Two thirty. I wonder why alcohol and sex, or maybe sex, drugs, and rock and roll, all go together in a bundle. Thomas Hardy observed how drunkenness and sexuality and the way of the natural world all go hand in hand, at least in our culture. These things are the makings of fate, so how is it possible to remove yourself from the plan? I guess you just go to church or something else drastic. It seems to have worked for me, though I don’t know how. Doubtless it’s something cultural. A lot of people would refuse to do what I did. Probably even Hardy would’ve been reluctant to join something Christian— and that’s why his fatalism failed on me, and I discovered a new avenue to free will. I broke the spell of his Casterbridge novel by stepping outside of his world of Wessex— by going where the author himself wouldn’t go. 

Thursday Thoughts

Quarter of seven.

At midnight last night I spun the disc of Rubber Soul and really enjoyed it. The vocal harmony on “Nowhere Man” sounds awesome remastered.

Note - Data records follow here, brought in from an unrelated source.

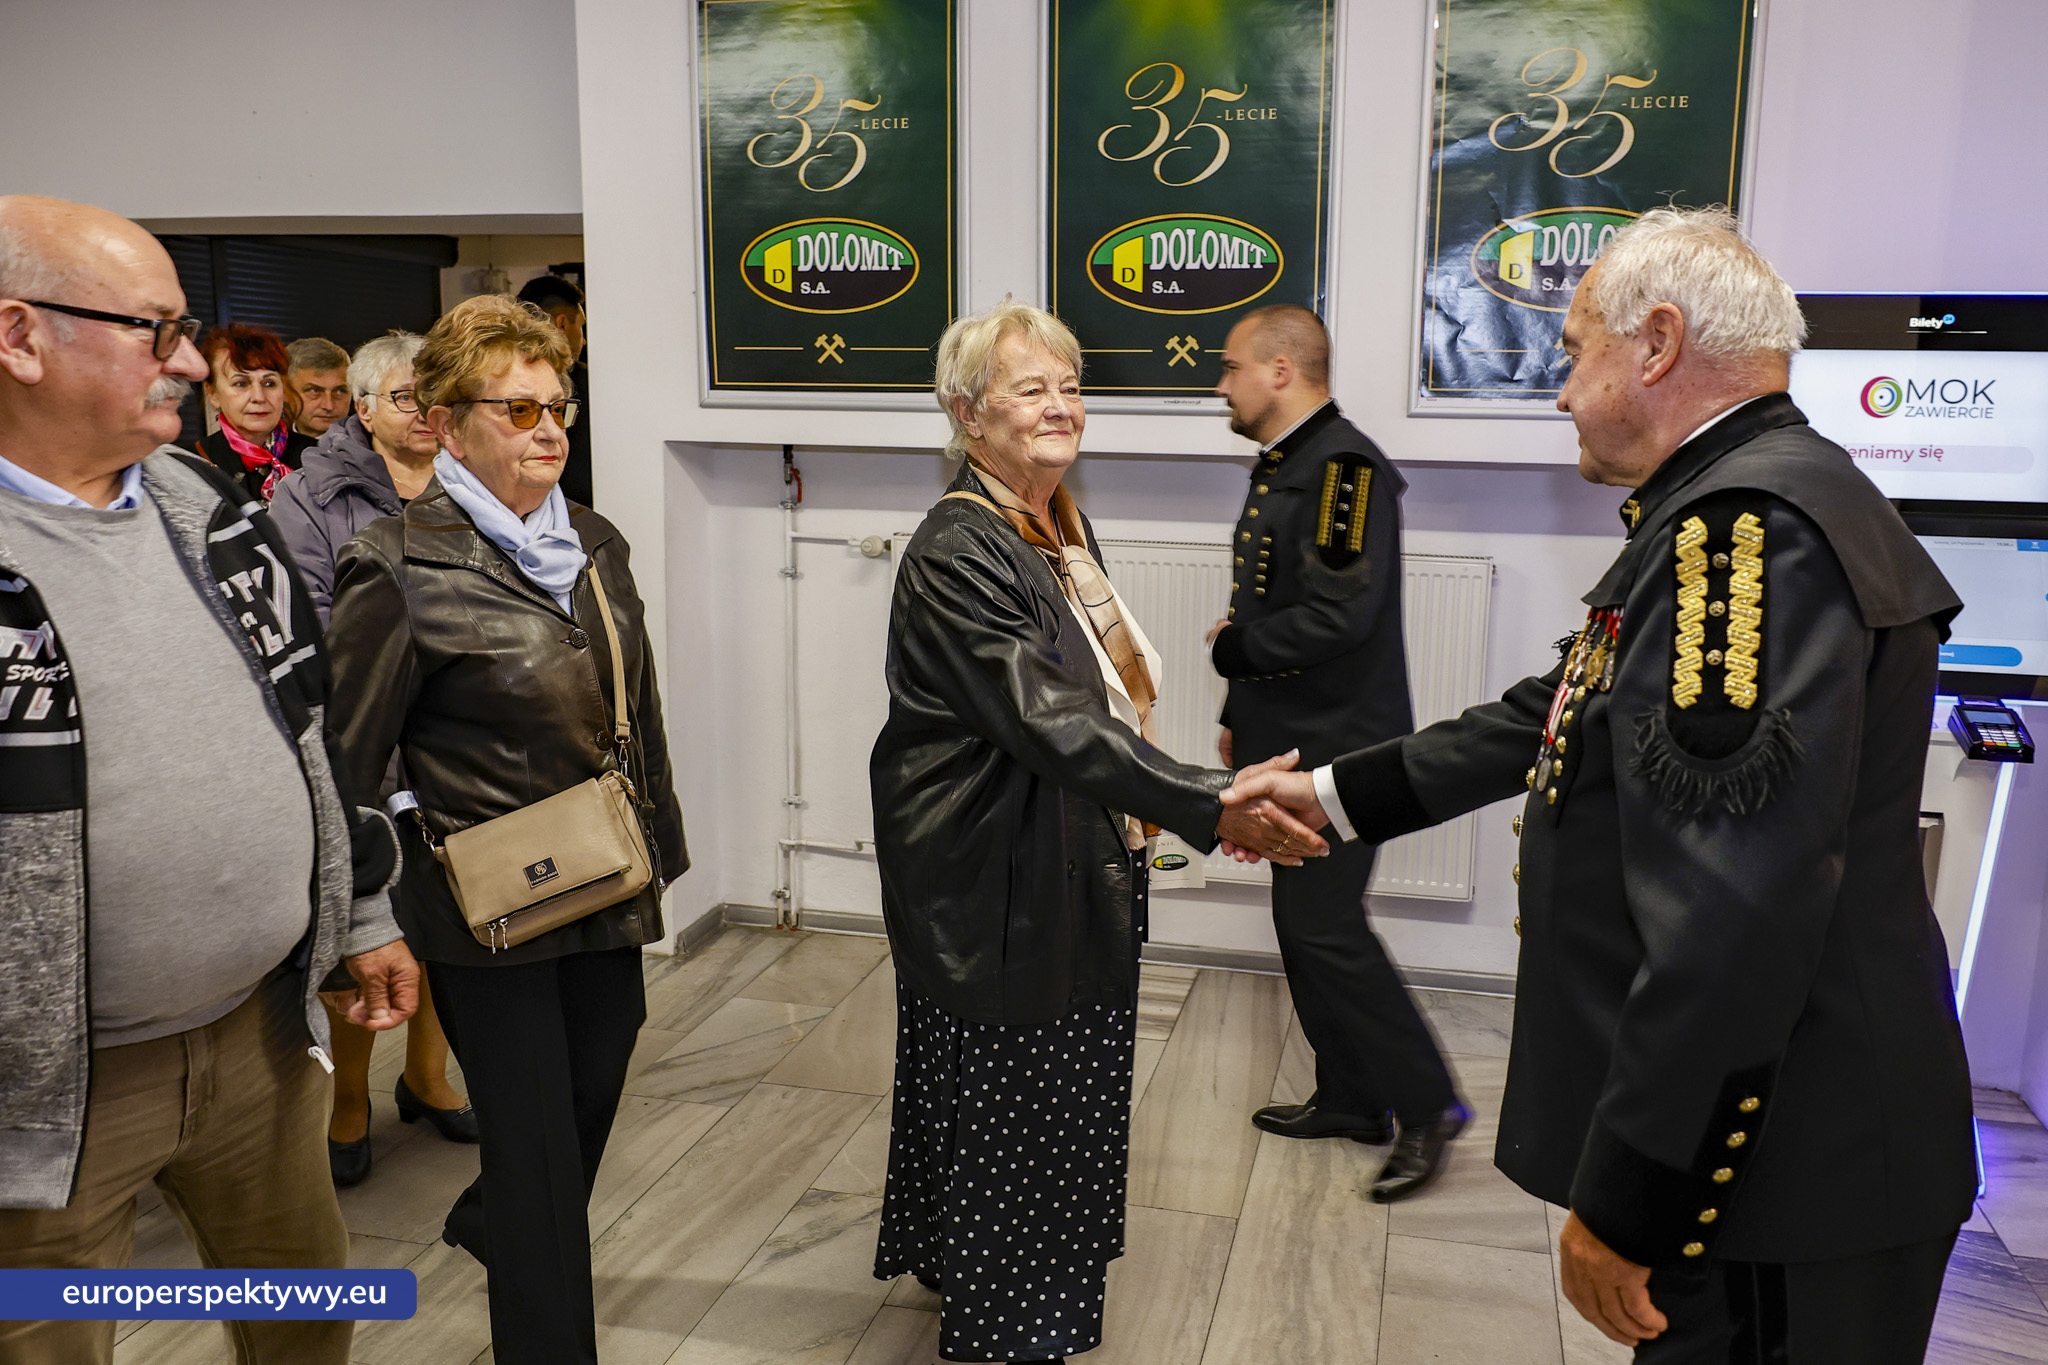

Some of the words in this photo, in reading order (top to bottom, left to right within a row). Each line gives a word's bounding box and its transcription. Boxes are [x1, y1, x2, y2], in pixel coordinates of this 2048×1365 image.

[1488, 47, 1657, 178] 35
[747, 74, 881, 192] 35
[1097, 62, 1248, 187] 35
[797, 231, 905, 273] DOLOMIT
[1149, 228, 1267, 271] DOLOMIT
[1540, 222, 1617, 267] DOLO
[772, 269, 786, 284] D
[1122, 267, 1136, 283] D
[1508, 263, 1524, 280] D
[800, 281, 831, 295] S.A.
[1152, 280, 1185, 294] S.A.
[1906, 379, 1996, 405] MOK
[1905, 405, 1994, 419] ZAWIERCIE
[1843, 444, 1915, 463] eniamy
[1919, 444, 1944, 463] się

I love the following lines:

Nowhere Man, don’t worry

Take your time, don’t hurry

Leave it all till somebody else lends you a hand

The pastor of the Lutheran church is a huge Beatles fan. I wonder if I should go see him this Sunday morning? But you know, my life keeps changing, and I don’t feel very religious anymore. Today I have DDA group again, and this program is hardly religious at all. They must’ve figured out that homeopathy doesn’t work for schizophrenia. If you have religious delusions, why fight them with more religion? I remember when psychiatric rehabilitation was a very uncomfortable thing… The sun is coming out, and pretty soon I’ll take off to the store. One of my core beliefs, from the time I was in junior high school, is free will, due to the song by Rush. Thomas Hardy held just the opposite opinion, which is fatalism, but this depends on the universe being designed by an intelligence. I think it’s desirable to believe in your own responsibility and be an active agent. Passivity doesn’t conduce to personal happiness. We have to legislate the world ourselves by what we do… and this is what democracy is all about. 

Imponderable Fate

One o’clock. I just got back from Bi Mart, where I picked up my prescription. Good to see Shawn and Jeanine. Today has a weird vibe to it, though. I was thinking about how life could have been different if I’d never started drinking. Maybe something would have intervened in my relationship with my mother. As it was, I was trapped and stuck with her. I also thought of how my brother associated me with my dad, which was very unfair. He considered me a miniature replica of him, but I never liked my dad.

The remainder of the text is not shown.